Что заставило моего начальника отправить именно меня в эту командировку, я так и не понял.  То ли желание избавиться от инвалида, то ли наоборот, надежда, что смена обстановки мне как-то поможет. Скорее первое... Нет, он, правда, относился ко мне с сочувствием, опекая меня, насколько это возможно на службе. Он тоже был австриец. Мало того, он был из Штоккерау, как и я. Возможно, это сыграло свою роль. Все, кто был с Остеррейха, негласно поддерживали друг друга. Во всяком случае, мне так казалось.
Вчера утром майор Максимилиан Хоффер вызвал меня к себе в кабинет...

*****

- Как ваше самочувствие, Вальтер? – спросил он меня сразу, как я вошёл.
- Достаточно удовлетворительное, чтобы нести службу, господин майор.
- Вчера на завтрак и обед вам давали говяжий бульон, - он посмотрел мне в глаза, - скажите, как ваш желудок это принял?
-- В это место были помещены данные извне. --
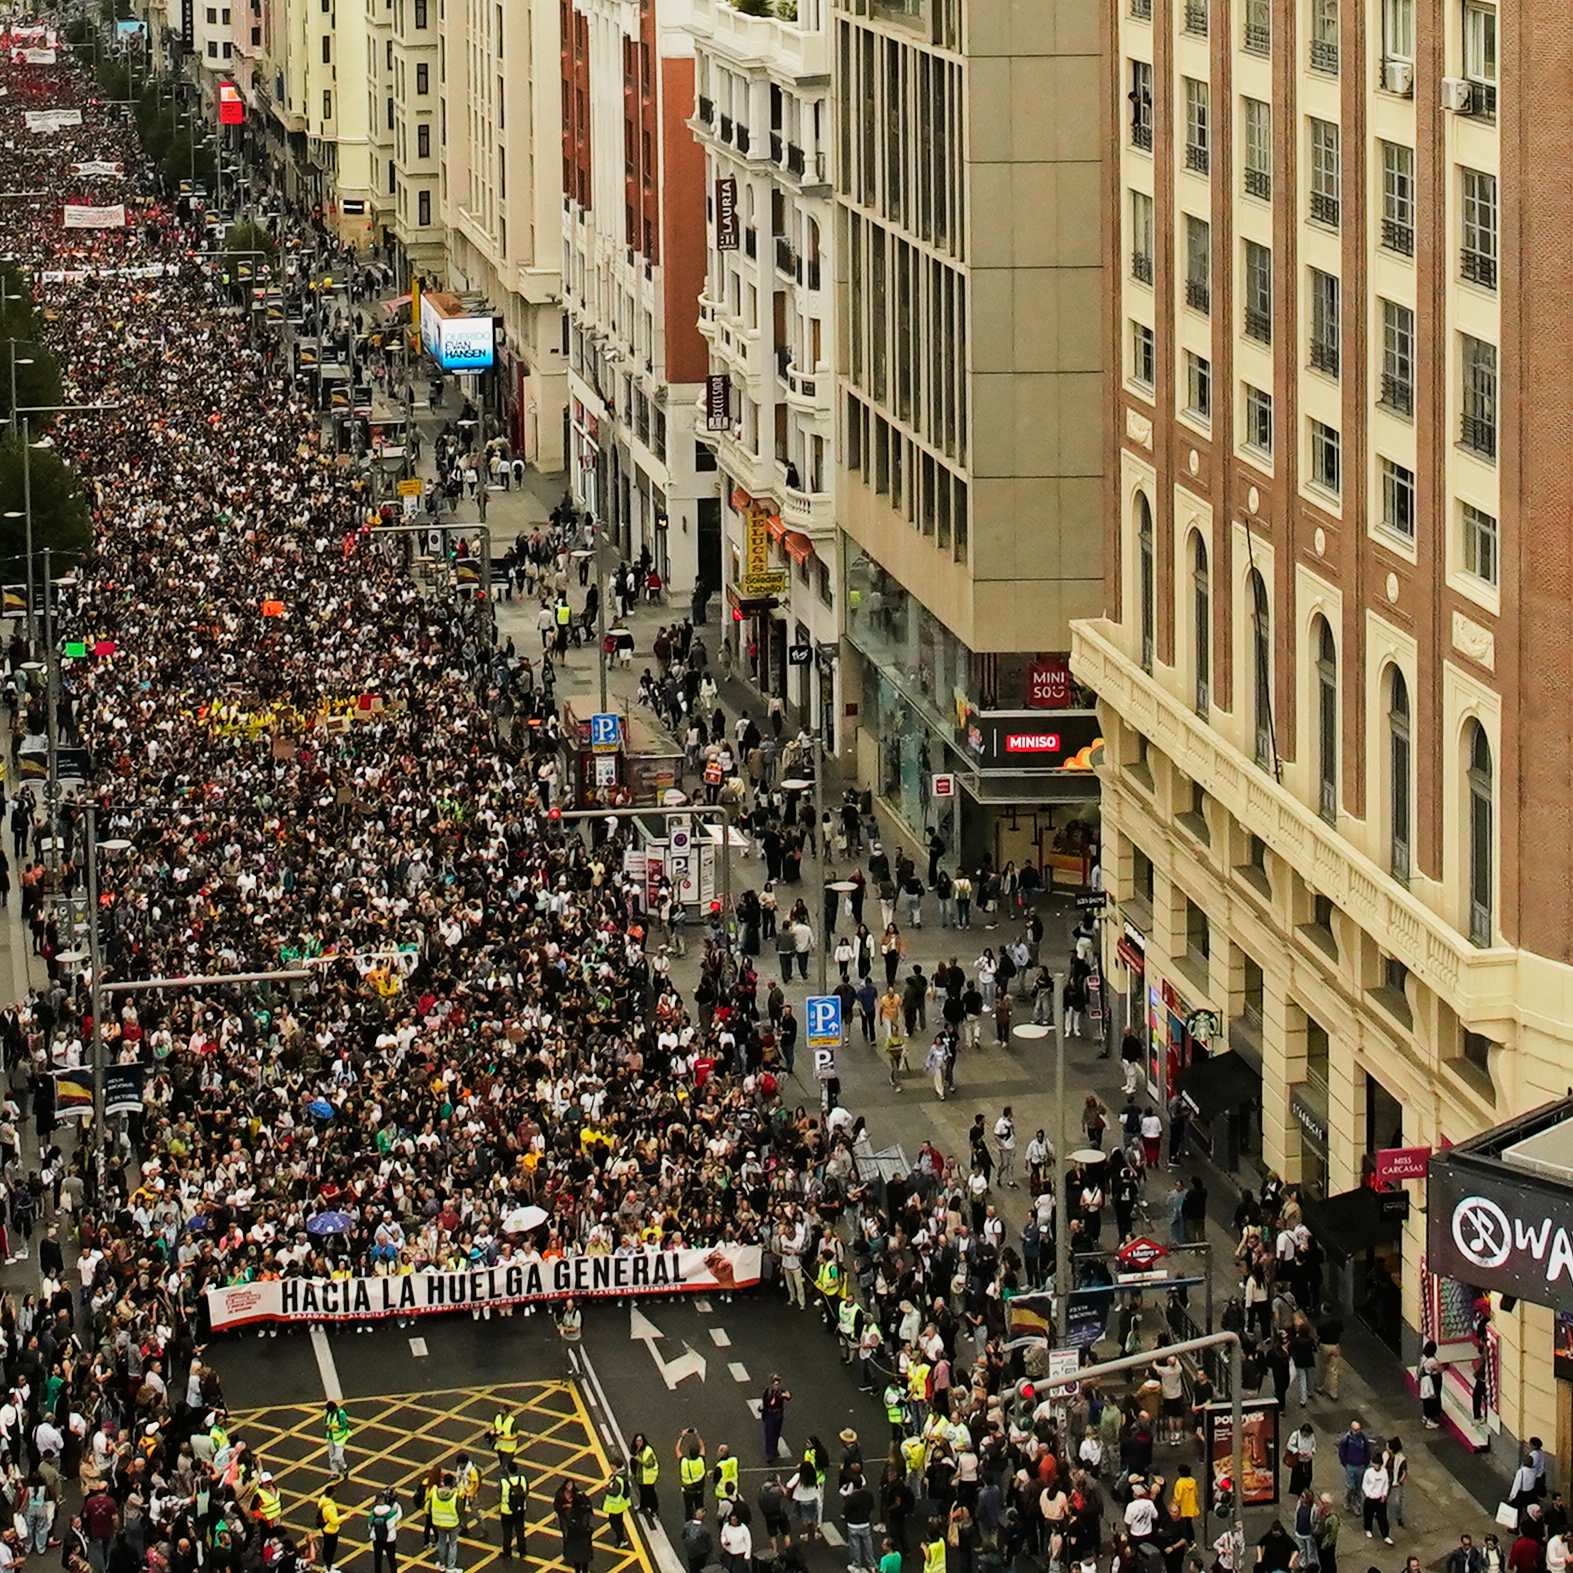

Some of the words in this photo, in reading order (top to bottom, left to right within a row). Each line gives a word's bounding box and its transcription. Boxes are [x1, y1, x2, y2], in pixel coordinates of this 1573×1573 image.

- Благодарю вас, господин майор. Бульон это то, что он ещё принимает. Я полагаю, это вы проявили заботу обо мне?
- Ну, не только я, Вальтер, не только я. – Он усмехался в усы, шевеля какие-то бумаги на столе. Внезапно он поднял голову и, глядя прямо мне в глаза, спросил.
- Как смотрите на то, чтобы съездить в командировку?
Я, слегка опешив от неожиданности, ответил.
- Как прикажете, господин майор.
Он вздохнул и встал из-за стола.
- Я ведь поэтому спросил про самочувствие.– Он сочувственно пошевелил усами. - Видите ли, Вальтер, нам поступил запрос из штаба Третьей Армии. Просят откомандировать офицера третьего отдела Абвера в местечко... – он вчитался -  «Nidjnie Volokhi»... да, Нижние Волоки, кажется так. Это немного восточнее Любцов, знаете?
- Насколько я помню, в Любцах расположен штаб второго полка Третьей Оккупационной Армии. Там проходит железная дорога.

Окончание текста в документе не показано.